I shrugged. Amal ran an agitated hand through his hair and it stuck up in messy tufts.
“I looked, you know,” he said. “Hours in the library, trying to find some mention of Mimasta, and you know what? There’s nothing. Which honestly shouldn’t have surprised me at this point, but god, I just want to know if I’m going to be sacrificed! That’s all!” He was up now, pacing, hands curling at his sides. “I was so freaked out last week during the lunar eclipse that I barricaded myself in the library and spent the night there. And the other day I swear I saw the woman in the black car flash a badge at someone - a badge, like she was government, or pretending to be government, and I really don’t know which one is worse.”
“If that eye belonged to a god, then it would explain everyone’s interest.”
“Sure, fine, in theory, but how do we know this Mimasta cult even knows what they’re talking about? Who knows if Mimasta is even a real thing? It sounds like a made-up word. And besides, there have to be loads of gods with pink eyes, so how do they know it’s this one? Why would it be in a jar, sold by some random old lady?”
“Black market, most likely,” I said, tracing a finger around the rim of my mug. “They trade in just about anything. Weapons, occult artifacts, pickled parts of ancient gods, you name it.”
“Ancient?” said Amal. “So you think this eyeball is all that’s left of this Mimasta?”
“Could be. Gods get old, just like everyone else. And humans pickle them and sell them off in parts...just like everything else.”
Amal fell back into his chair. “Oh no,” he said, a thought hitting him. “They’re not going to try and resurrect this Mimasta, are they? Through me, somehow? Through this eye?”
“Kid, I don’t know. You’re asking the wrong person. Anyway, don’t tie yourself in knots with all the what-ifs. You’ve learned something, and it’s not panning out like you’d hoped - fine. Either you keep asking around or you try to ignore it all and finish your degree. No point stressing over things you don’t know.”

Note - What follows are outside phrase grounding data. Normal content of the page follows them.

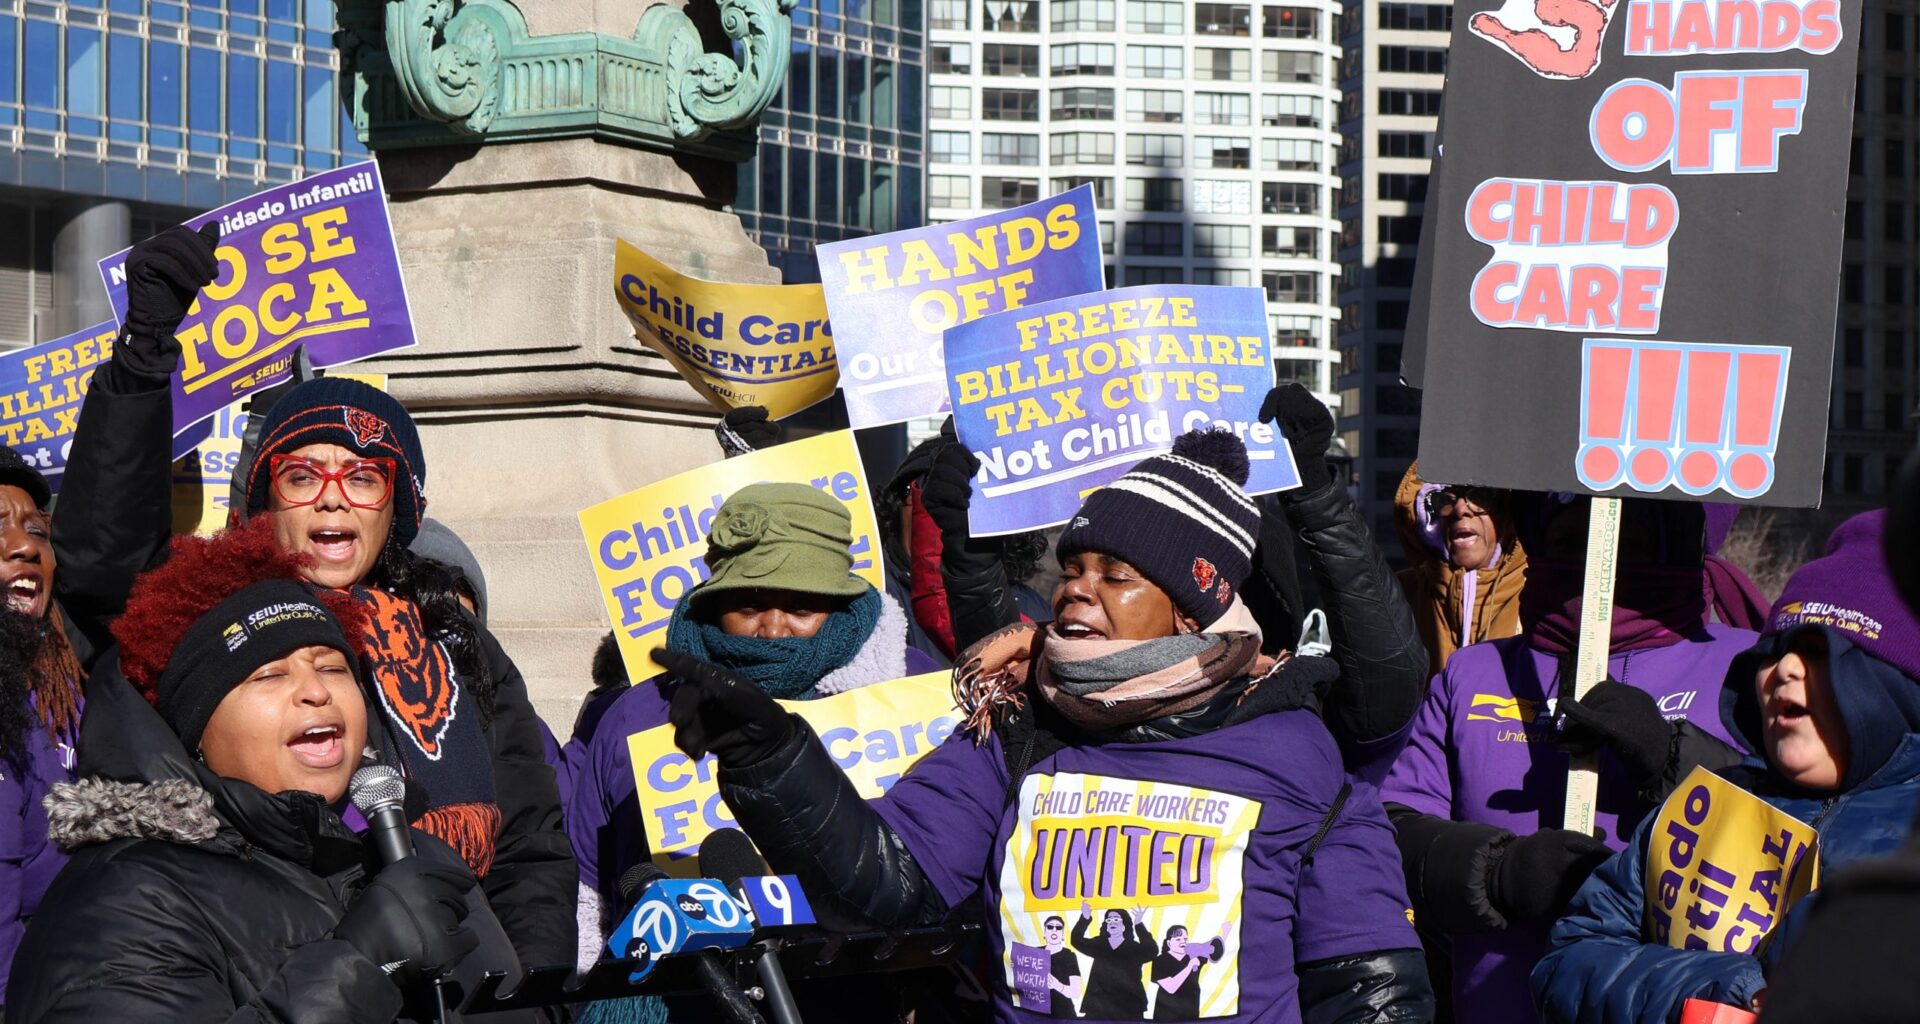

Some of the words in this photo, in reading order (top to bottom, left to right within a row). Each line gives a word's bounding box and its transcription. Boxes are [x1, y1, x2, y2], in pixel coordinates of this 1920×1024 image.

[1591, 70, 1808, 172] OFF
[219, 201, 285, 236] uidado
[290, 172, 374, 211] Infantil
[1467, 179, 1679, 248] CHILD
[190, 245, 248, 315] O
[261, 206, 356, 275] SE
[839, 204, 1080, 295] HANDS
[176, 268, 367, 381] TOCA
[620, 274, 724, 340] Child
[909, 268, 1033, 334] OFF
[1016, 297, 1197, 352] FREEZE
[1471, 261, 1666, 331] CARE
[24, 330, 117, 384] FREE
[256, 354, 294, 380] SEIUH
[658, 326, 837, 375] ESSENTIAL
[850, 349, 916, 380] Our
[955, 334, 1265, 405] BILLIONAIRE
[0, 407, 79, 446] TAX
[985, 387, 1086, 437] TAX
[976, 440, 1052, 484] Not
[1061, 410, 1172, 461] Child
[612, 559, 711, 627] FO
[1598, 597, 1610, 622] VISIT
[1033, 792, 1082, 816] CHILD
[1085, 790, 1133, 814] CARE
[1136, 794, 1230, 824] WORKERS
[1031, 825, 1215, 899] UNITED
[1652, 784, 1711, 947] dado
[1724, 829, 1793, 955] CIAL
[679, 900, 704, 912] abc
[761, 876, 793, 925] 9
[1016, 954, 1044, 971] WE'RE
[1016, 971, 1046, 988] WORTH

He was quiet for a little while and I’d just begun to hope that he would take my advice and ignore the whole thing when he leaned forward suddenly across the table.
“That is the worst advice I’ve ever gotten,” he snapped. “There are literal spirits swimming around me whenever I leave my apartment, cult members follow me wherever I go, government agents or people pretending to be government agents have staked out my university, and I possibly have the eye of an ancient god in my head, which means people may or may not want to sacrifice or dissect me. But hey, no point stressing over things you don’t know. Really sage advice, doctor.”